Дядя Вася был человеком своеобразным. Знал он великое множество стихов, поэм, баллад, видимо, и сам грешил сочинительством. Страсть как любил читать стихи. Но, почитая эту свою страсть за слабость, очень ее стеснялся. Во всяком случае я никогда не слышал, чтобы он читал поэзию взрослым Наверное, боялся: не поймут, чудаком объявят, люди-то были вокруг суровые, условия их жизни, да и сама обстановка, к поэзии не располагали. Вот и получалось, что жертвой его поэтической страсти чаще всего становился я. Нередко он увозил меня на день-два на лесопункт, и уж там, в присутствии хоть одного, но все-таки слушателя, давал себе волю – декламировал часами.

Имея некоторый опыт (было время, когда и я болел декламацией), могу уверенно утверждать – другого такого эмоционального чтеца мне встречать не приходилось.

 

X

Тома, сестра моя, учится во втором классе. Она за уроки – и я тут как тут. Как-то сам собой научился читать. И мир обрел для меня совершенно другое звучание – он заговорил. Газетными обрывками, вывесками, объявлениями. Где вижу что написанное – обязательно прочитываю. До школы сумел прочесть несколько книжек. Хорошо запомнилась одна – про птичек. Виталия Бианки. Пробую писать. Буквы кривые, неуклюжие, падают то влево, то вправо…

 

XI

Зима опять выдалась суровой: с частыми метелями, с мглой, при которой страшно выходить за дверь. Но это еще бы ничего, да вот голод совсем одолел.

Мама принесла отруби. Мяла, мочила, лепила их… Наконец, испекла. Хлеб не хлеб, лепешки не лепешки. Есть их невозможно: сухие, колются, не лезут в горло. Мама плачет, бьет нас, силком пытается заталкивать в рот куски лепешек. У меня из десен начала сочиться кровь. Ноги опухли. По телу пошли какие-то пятна. Теперь есть вообще ничего не могу: душа не принимает. Пришла фельдшер, осмотрела, повздыхала и заявила, что у меня начинается цинга. Ни для кого из наших неожиданностью ее диагноз не был. Мне его поставили еще до ее прихода. Она лишь подтвердила, да кое-что посоветовала. Наши где-то достали рыбий жир, мать варит хвойный отвар. Такой противный, что только под ремнем его и пью. Каким-то чудом появился в доме чеснок. Мало того, что его заставляют глотать, но еще и втирают в десны.

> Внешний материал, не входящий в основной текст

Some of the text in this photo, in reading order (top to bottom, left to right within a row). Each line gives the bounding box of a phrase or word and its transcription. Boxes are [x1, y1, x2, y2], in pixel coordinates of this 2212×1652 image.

К рыбьему жиру уже привык, ем с картошкой. Очень вкусно. И чего от него все носы отворачивают? Ожил…

У нас в комнате есть фанерный ящик. Нам с Томой даже подходить к нему запретили. Но раз запретили – значит в нем что-то съестное. А поскольку хочется есть, мы с сестрой в постоянном поиске. Залезли в ящик, а там целое богатство – два мешочка с сухарями. Развязали, вытащили несколько штук и тут же сгрызли. А мешочек снова аккуратно завязали, словно и не притрагивались к нему. День-второй прошел – мы опять к ящику. Долго с сестрой лазили туда, и как-то не досуг нам было подумать: а что же за мешочки у нас такие волшебные? Мы оттуда тащим сухари, а они не худеют.

Все, конечно, было просто. Мама наши прегрешения видела, но помалкивала: не могла же она отменить отцовский запрет. А чтобы грехи наши не всплыли, она мешочки все время пополняла.

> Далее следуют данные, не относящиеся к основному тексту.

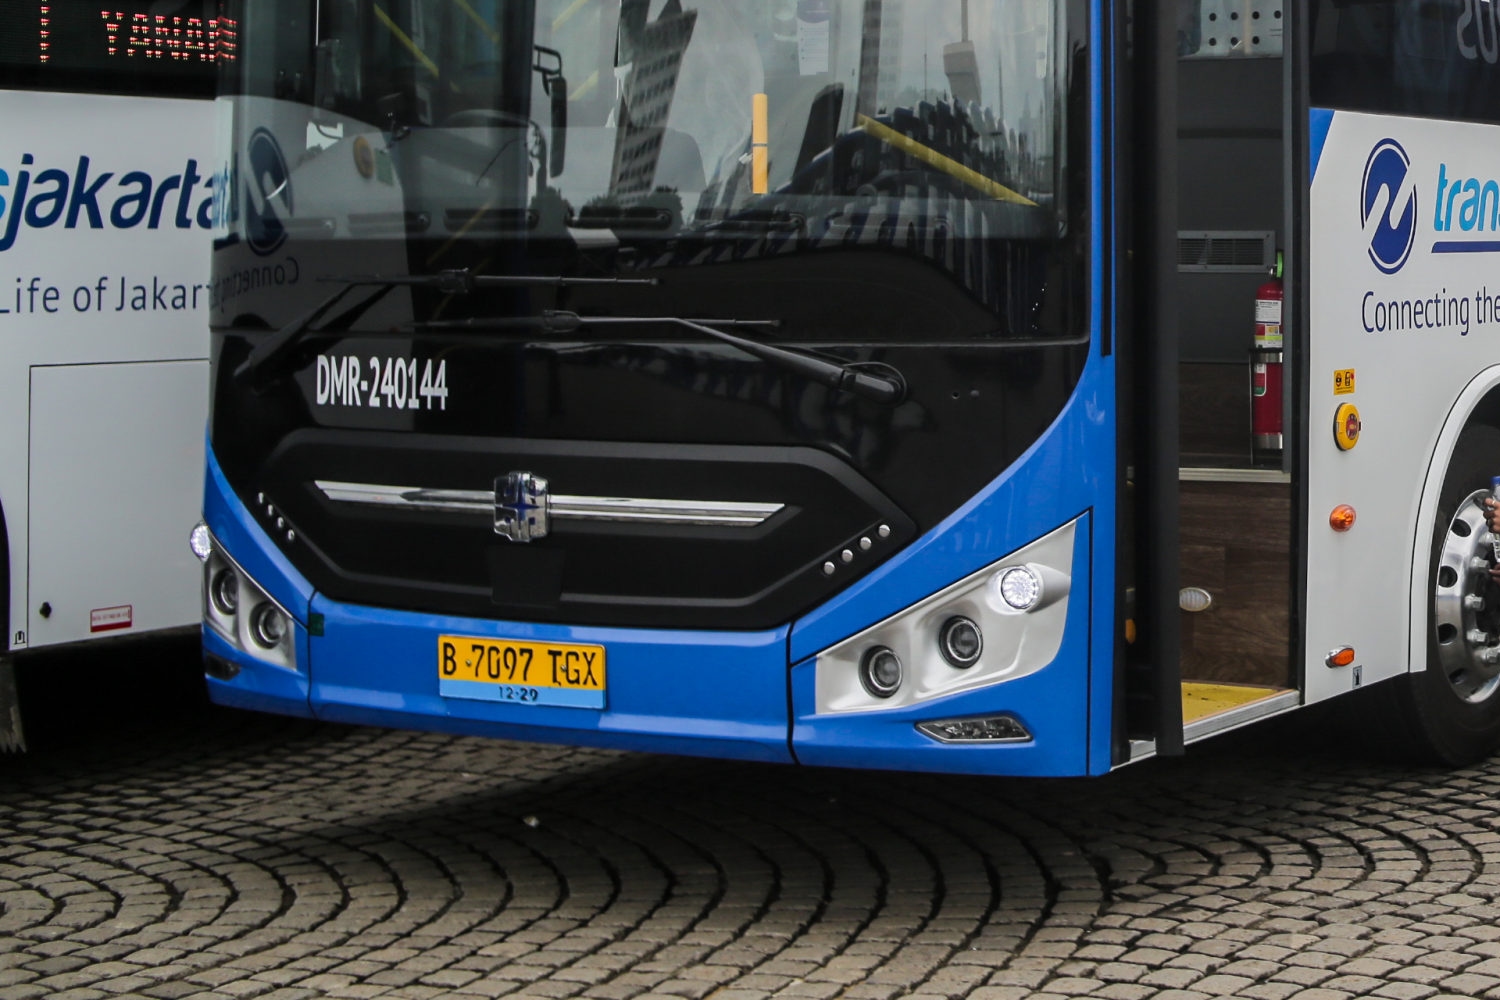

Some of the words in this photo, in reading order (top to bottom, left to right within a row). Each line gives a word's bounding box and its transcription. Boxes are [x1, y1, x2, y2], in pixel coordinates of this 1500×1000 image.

[72, 276, 107, 312] of
[115, 276, 212, 312] Jakar
[1361, 287, 1470, 336] Connecting
[316, 354, 449, 411] DMR-240144
[443, 642, 457, 676] B
[471, 644, 534, 682] 7097
[547, 649, 599, 687] TGX

Лишь когда повзрослел – понял: сухари эти припасали на черный день – на случай ареста или внезапного этапа. И того, и другого ожидали со дня на день…

 

XII

Весна словно бы сторонилась наших краев. Казалось, не только весна, лето кончится, а снега у нас на Вишере так и не сойдут. Сама местность наша казалась всем тогда проклятой и заколдованной.

Зато, когда снег в конце концов сошел, радости нашей ребячей не было предела.

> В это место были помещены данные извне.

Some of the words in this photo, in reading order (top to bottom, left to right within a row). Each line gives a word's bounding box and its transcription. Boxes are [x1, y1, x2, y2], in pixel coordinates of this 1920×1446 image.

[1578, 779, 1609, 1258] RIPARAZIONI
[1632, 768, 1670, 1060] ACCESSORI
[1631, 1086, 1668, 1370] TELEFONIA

В первый же теплый день договорились мы с ребятами идти на огороды искать прошлогоднюю картошку, а потом на болота – клюкву. Компания собралась немалая – Иван Япишин, Махмуд Абдулин, Колька Рей-мер, Петька Хайдуков… Правда, у меня с первых же минут беда – калоша надорвалась и сваливается с бурки. Пытаюсь натолкать туда бумаги, только дальше рвется. Ладно, беру кусок шпагата, привязываю калошу, и мы выходим на улицу. Солнце уже совсем пригревает по-летнему. Надо спешить, потому что обувка у всех ненадежная, один Ваня в сапогах. В бурках хорошо, когда сухо, обернул носи бумагой – и они в тепле, но в слякоть плохо выручают. Чуть попал в лужу, ноги сразу мокрые.

Идем по мостику через ручей, мимо трех стоящих в сторонке бараков, присматриваемся. Интерес наш понятен: в этих бараках поселили немцев, которых перевели откуда-то с Велса. Мы их толком еще и не разглядели, какие они. Ну да ладно. Прошли мимо Ногаевского хутора и, считай, на месте.

С огородов снег почти сошел, только в бороздках лежит. Мы двигаемся цепочкой, выискивая картошку. Удачно пошли в этом году, всех опередили. У каждого из нас уже по картофелине, обтираем ее о штаны и грызем. Она после зимовки сладкая, очень вкусная.

Перерыв весь огород, складываем в мешочек штук двадцать клубней и идем на болото, где на кочках попадается клюква. Правда, ее домой мы никогда не доносили: съедали прямо на болоте. Как ни берегся, а ноги уже мокрые. Тут случилась еще одна неприятность. Не заметил, как порвался шпагат и калоша где-то затерялась, а в одной калоше домой не придешь – сразу влетит. Возвращаемся назад, ищем. Вот она, торчит из лунки в воде. Но привязать уже нечем. Ваня Япишин оказывается самым сообразительным – отламывает ивовую веточку, разминает ее и получается некое подобие веревки. Привязал, приспособил, хлопнул по плечу: «До дома дойдешь».

Возвращаемся усталые. Около бараков делим картошку. Делим, отворачиваясь, не глядя, какая кому кучка попадется, и расходимся. Несу домой и угощаю Тому. Она не очень-то в восторге от такой еды. Возможно, потому, что картошка уже стала мягкой и не такой вкусной. Как бы там ни было, никто из наших есть ее не может. Мать ругает, чтобы я тоже не ел сырую.

 

XIII

Приезжал на несколько дней Гена Боханов, мой двоюродный брат. Он в то время в Перми в железнодорожном депо после ремесленного училища отрабатывал. Они с матерью освободились уже несколько лет назад. С этим связана целая история.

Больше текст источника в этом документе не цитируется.